┌─ DATA SHOWN
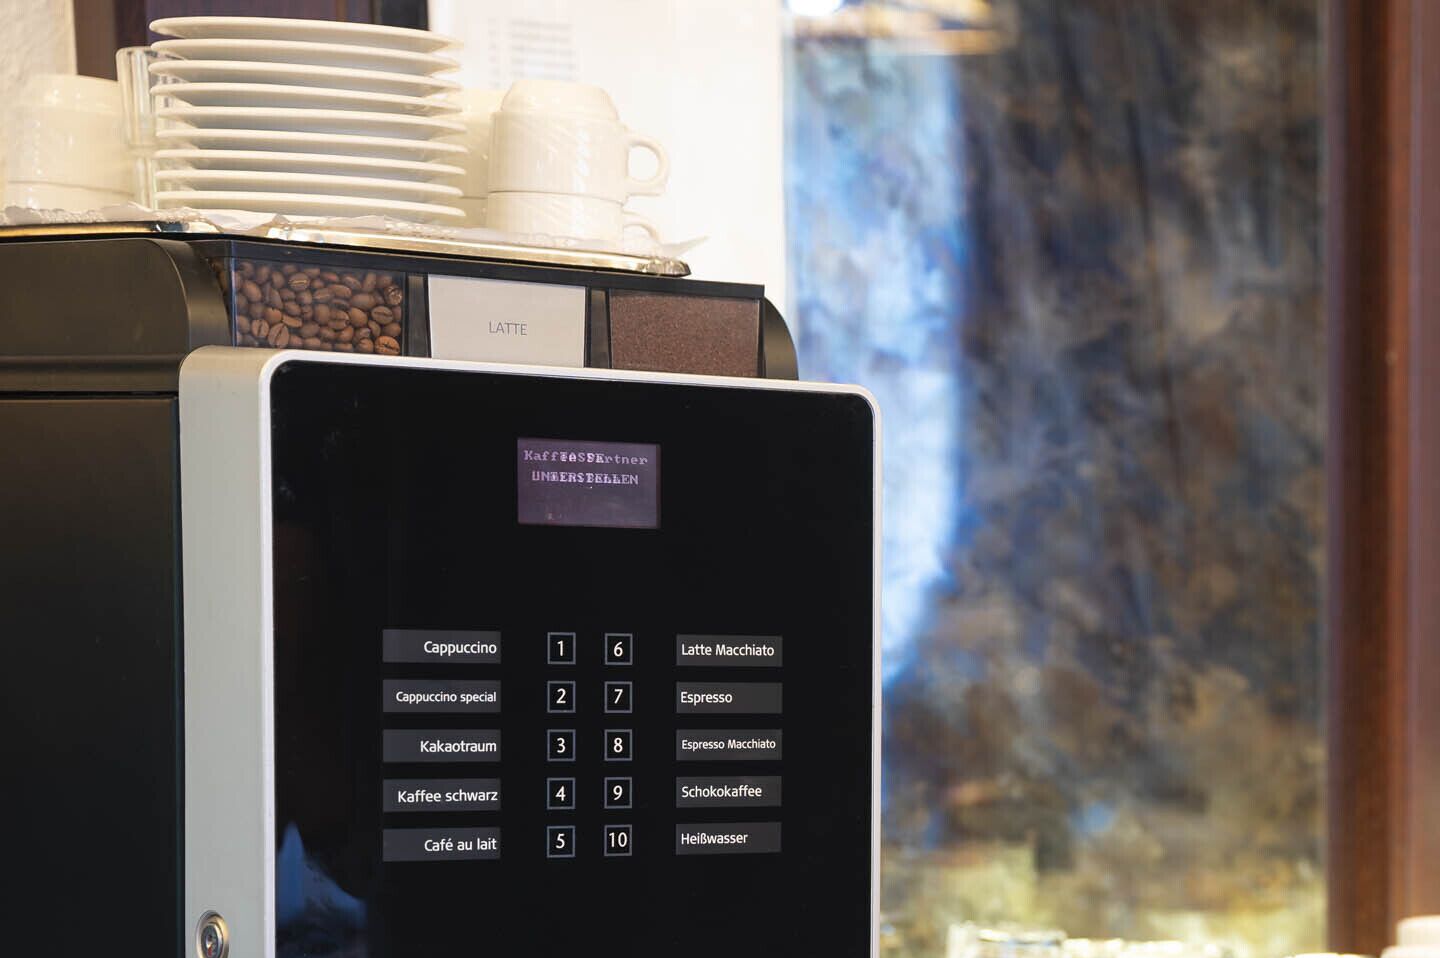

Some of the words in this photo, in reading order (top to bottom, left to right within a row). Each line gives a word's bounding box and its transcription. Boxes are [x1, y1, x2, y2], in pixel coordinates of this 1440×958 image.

[489, 321, 528, 336] LATTE
[423, 640, 498, 657] Cappuccino
[557, 640, 565, 657] 1
[613, 641, 624, 657] 6
[681, 643, 713, 656] Latte
[715, 643, 775, 657] Macchiato
[395, 690, 458, 705] Cappuccino
[459, 690, 497, 705] special
[556, 688, 567, 704] 2
[614, 688, 624, 704] 7
[680, 690, 733, 705] Espresso
[420, 739, 497, 753] Kakaotraum
[556, 737, 567, 754] 3
[613, 737, 624, 753] 8
[681, 739, 726, 751] Espresso
[727, 738, 777, 750] Macchiato
[397, 789, 442, 803] Kaffee
[445, 788, 499, 802] schwarz
[555, 785, 567, 802] 4
[613, 785, 623, 801] 9
[681, 784, 763, 798] Schokokaffee
[424, 837, 454, 852] Café
[456, 841, 473, 851] au
[476, 837, 497, 851] lait
[555, 833, 565, 849] 5
[608, 832, 628, 848] 10
[681, 832, 749, 845] Heißwasser
└─
YOUR GOAL: Restate every line of the listing exactly. Pictures are not part of the copy.

RESULT:
Some of the words in this photo, in reading order (top to bottom, left to right within a row). Each line gives a word's bounding box and its transcription. Boxes are [x1, y1, x2, y2], in pixel coordinates of this 1440×958 image.

[489, 321, 528, 336] LATTE
[423, 640, 498, 657] Cappuccino
[557, 640, 565, 657] 1
[613, 641, 624, 657] 6
[681, 643, 713, 656] Latte
[715, 643, 775, 657] Macchiato
[395, 690, 458, 705] Cappuccino
[459, 690, 497, 705] special
[556, 688, 567, 704] 2
[614, 688, 624, 704] 7
[680, 690, 733, 705] Espresso
[420, 739, 497, 753] Kakaotraum
[556, 737, 567, 754] 3
[613, 737, 624, 753] 8
[681, 739, 726, 751] Espresso
[727, 738, 777, 750] Macchiato
[397, 789, 442, 803] Kaffee
[445, 788, 499, 802] schwarz
[555, 785, 567, 802] 4
[613, 785, 623, 801] 9
[681, 784, 763, 798] Schokokaffee
[424, 837, 454, 852] Café
[456, 841, 473, 851] au
[476, 837, 497, 851] lait
[555, 833, 565, 849] 5
[608, 832, 628, 848] 10
[681, 832, 749, 845] Heißwasser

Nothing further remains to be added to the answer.